“The Hobbit” offers homecoming feeling

Courtesy of thehobbit.com

By KATIE BROWN

After a 10 year hiatus, “The Hobbit: An Unexpected Journey” welcomes viewers back to the world created by author J. R. R Tolkien, where evil makes its way back into the light through the hands of an unsuspecting hobbit on an unexpected journey.

Peter Jackson, director of the worldwide phenomenon “The Lord of the Rings,” once again succeeds in bringing Middle Earth to life in the trilogy’s prequel, “The Hobbit: An Unexpected Journey.”

The film begins in a place very familiar to fans of the previous series. It opens on the same day the first “The Lord of the Rings” installment, “The Fellowship of the Ring,” began. “The Hobbit: An Unexpected Journey” shows an older version of Bilbo Baggins, played by Ian Holm, who also portrayed Bilbo in “The Lord of the Rings” trilogy, writing the story of his adventures in a book to pass down to his nephew, Frodo (Elijah Wood). As Frodo runs off, Bilbo begins to recollect the memories of his first adventure with a diverse group of dwarves and an eccentric wizard.

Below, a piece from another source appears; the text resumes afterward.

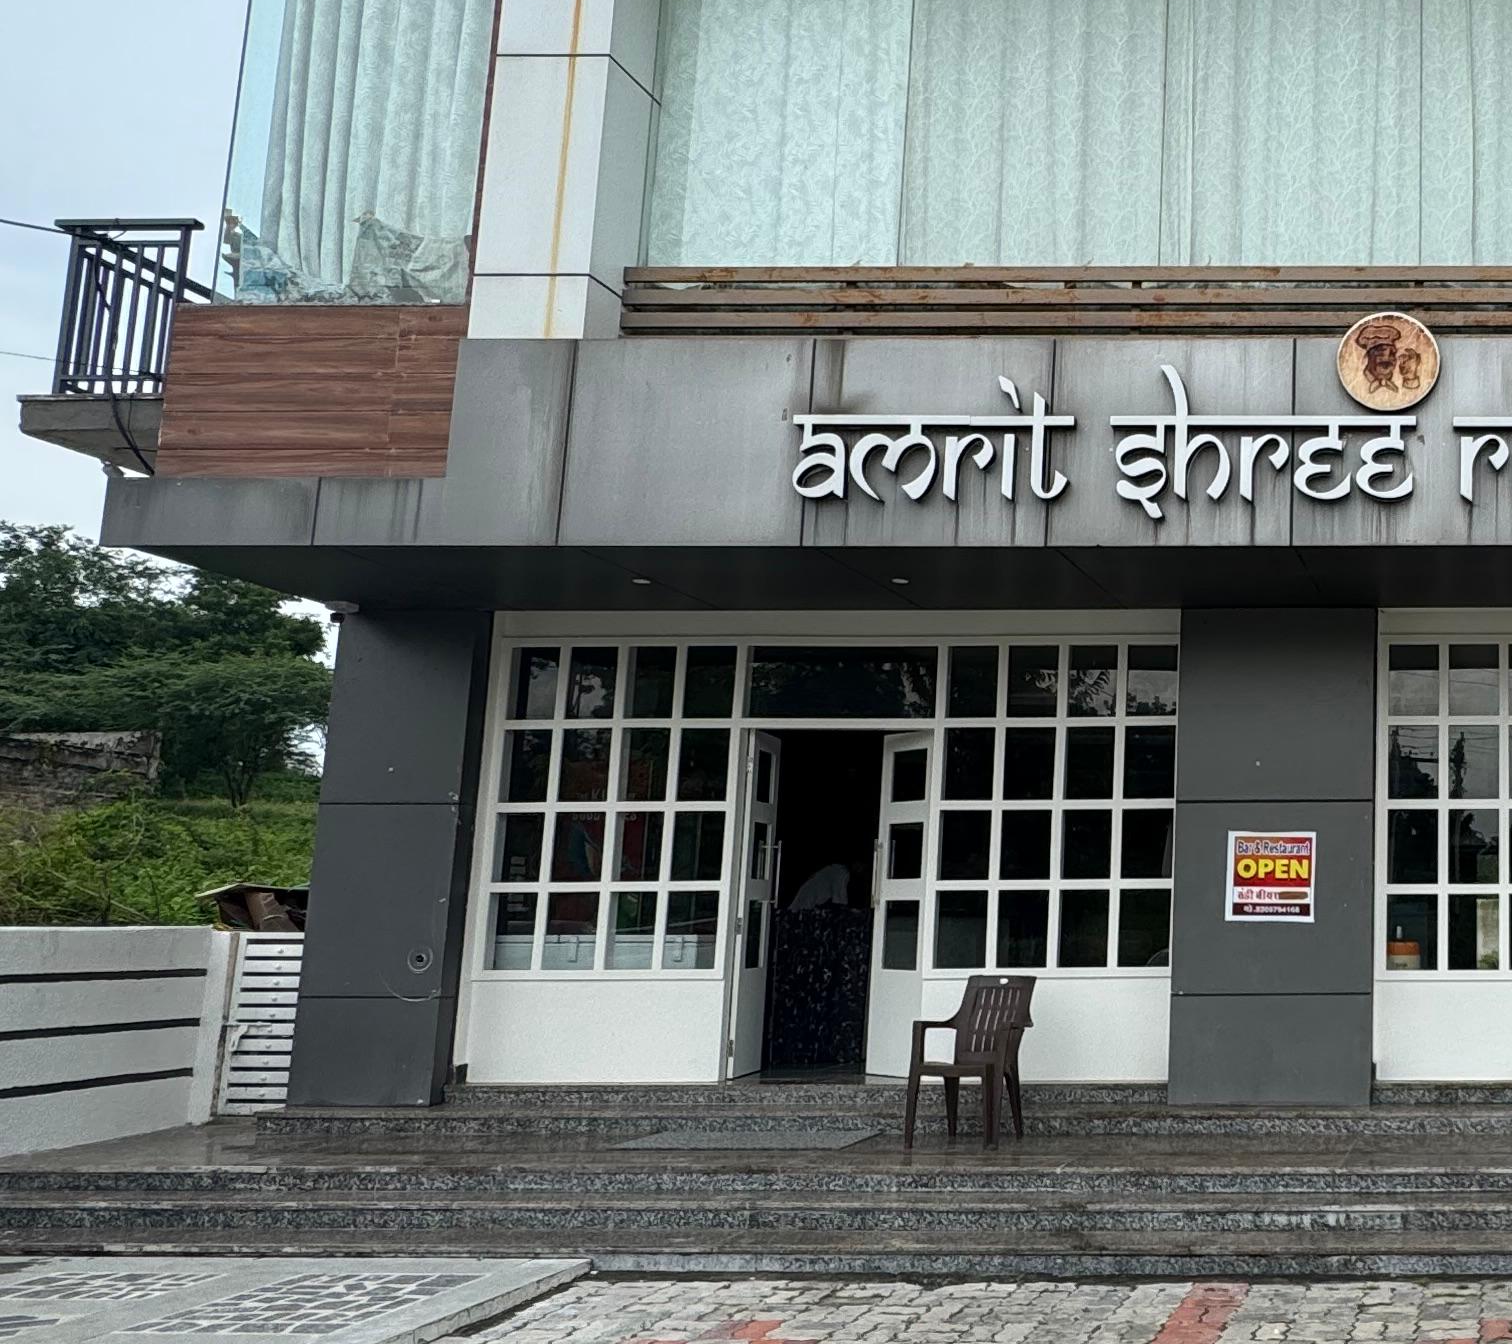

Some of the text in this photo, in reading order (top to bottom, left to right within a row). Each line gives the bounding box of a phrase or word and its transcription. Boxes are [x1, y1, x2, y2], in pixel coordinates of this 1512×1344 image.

[791, 375, 1076, 503] amrit
[1109, 364, 1417, 520] shree
[1263, 840, 1310, 856] Restaurant
[1237, 858, 1310, 879] OPEN

The film “The Hobbit: An Unexpected Journey” was told from a different perspective than that of the book authored by Tolkien. The novel recounted the story of Bilbo’s adventures from the eyes of the hobbit himself. The film was expanded to encompass all of the happenings of Middle Earth at the time, not just the plight of Bilbo and his company. In this regard, the film veers from the book. However, as a prequel to “The Lord of the Rings,” the larger scope of the film proves helpful for viewers trying grasp the entire picture of the growth of evil in Middle Earth.

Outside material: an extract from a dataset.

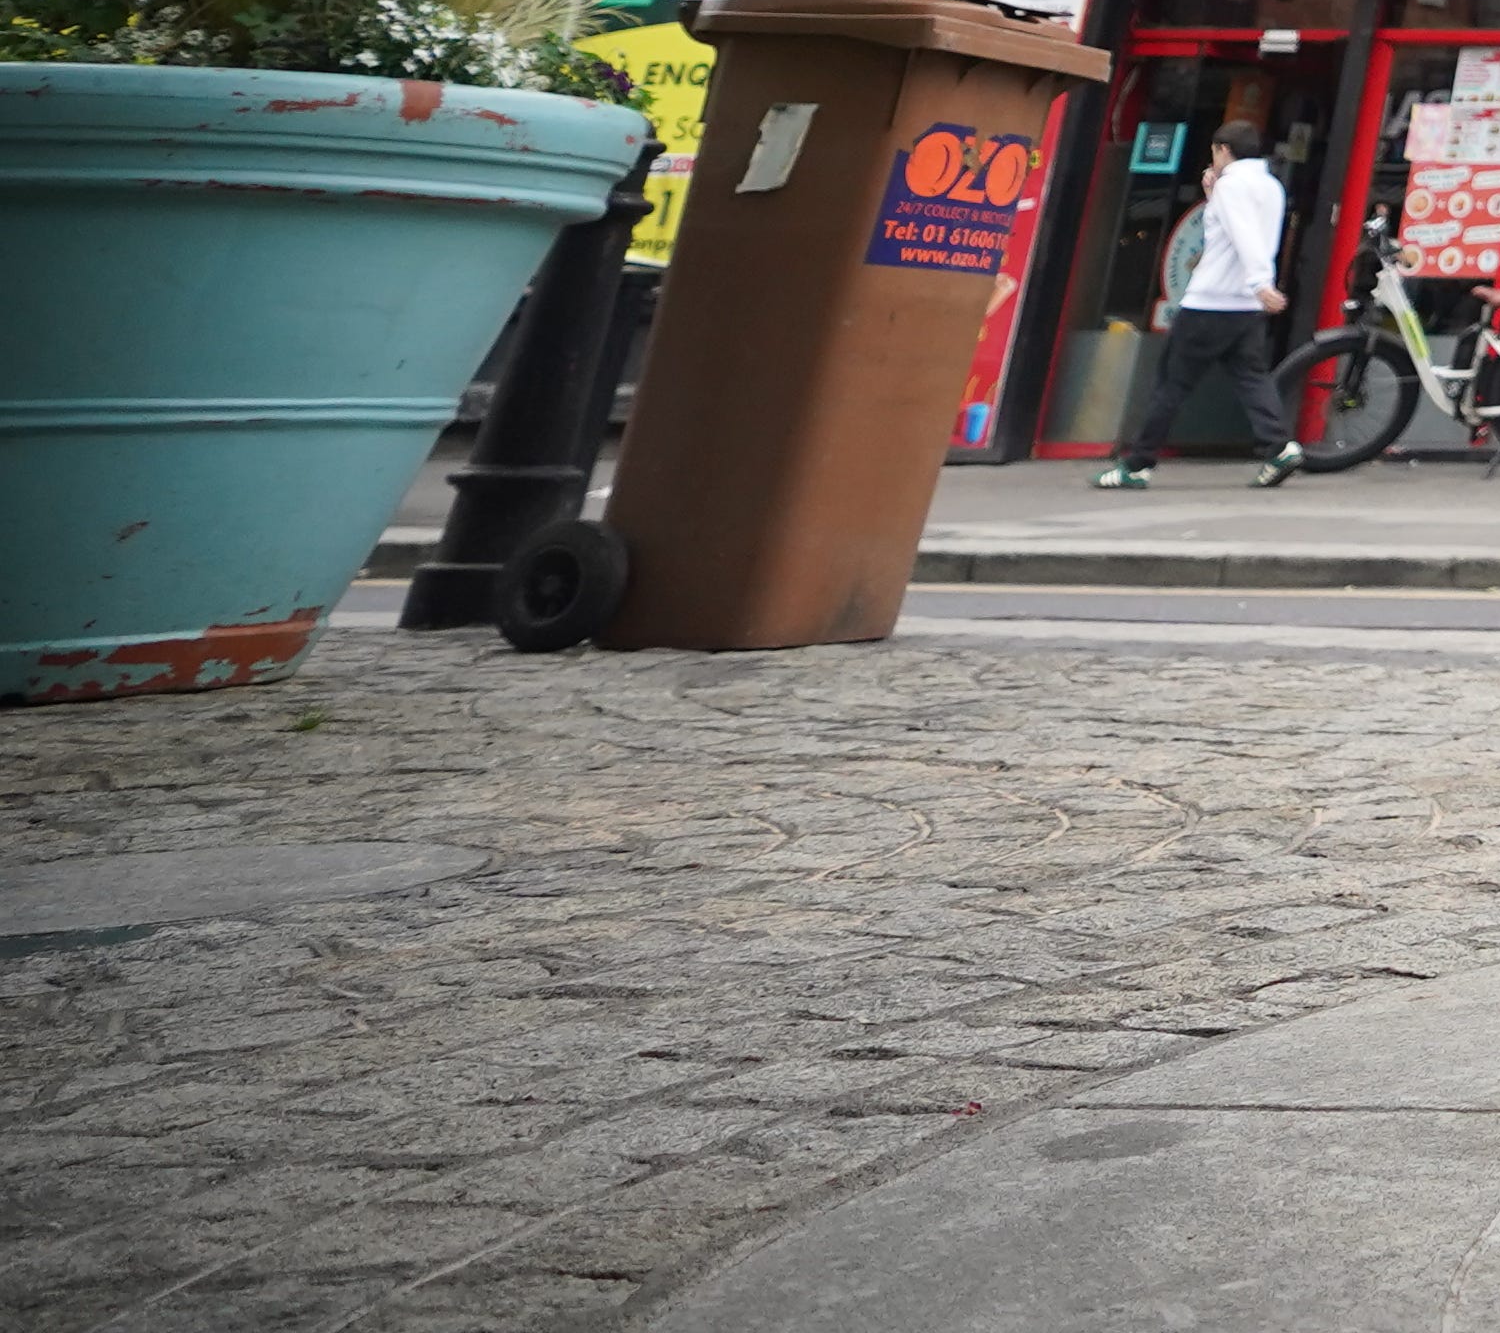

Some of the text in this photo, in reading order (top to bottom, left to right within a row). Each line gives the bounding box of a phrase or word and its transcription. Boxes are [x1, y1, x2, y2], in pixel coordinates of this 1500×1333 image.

[884, 219, 918, 241] Tel:
[922, 223, 946, 243] 01
[901, 247, 992, 270] www.ozo.ie

The film still holds to its Tolkien roots, however. Tolkien filled his Middle Earth series with songs and poems performed by different characters. Many such songs were incorporated into the first installment of “The Hobbit” trilogy, providing a familiar comfort to Tolkien fans.

Howard Shore, who composed the award-winning soundtrack for “The Lord of the Rings” series, scores another winner in his composition for “The Hobbit: An Unexpected Journey.” The composer wrote a new melody based on one of Tolkien’s songs and wove it with “The Lord of the Rings” melodies to create a new score with just enough old to bring back the same feelings of hope and despair conjured by Shore in his

“The Hobbit: An Unexpected Journey” also contained some unexpected humor. Fights among dwarves, witty remarks from Gandalf (Ian McKellen), idiotic comments from unintelligent trolls and usually frightened quips from Bilbo provide viewers with several laugh-out-loud moments – a nice addition not found in the film’s predecessors.

The commendable acting of Middle Earth newcomer Martin Freeman as Bilbo Baggins shows another draw to “The Hobbit: An Unexpected Journey.” His nervous anticipation and careful control occasionally broken by his want to prove himself worthy to be in the company of warriors seems to mirror Bilbo’s literary counterpart. Another newcomer, Richard Armitage as Thorin, the leader of the dwarves, agreeably personifies the war-hardened character who develops a soft spot for the bumbling Bilbo. Moreover, McKellen’s brilliant return as Gandalf is definitely a positive aspect to the film.

Although Tolkien originally wrote the novel for children, the film incorporates additional violent war scenes and intense situations, earning its PG-13 rating.

The storyline, music and acting helps “The Hobbit: An Unexpected Journey” successfully transport viewers on a riveting journey and has them expectantly awaiting the next installment, due in theaters December 2013.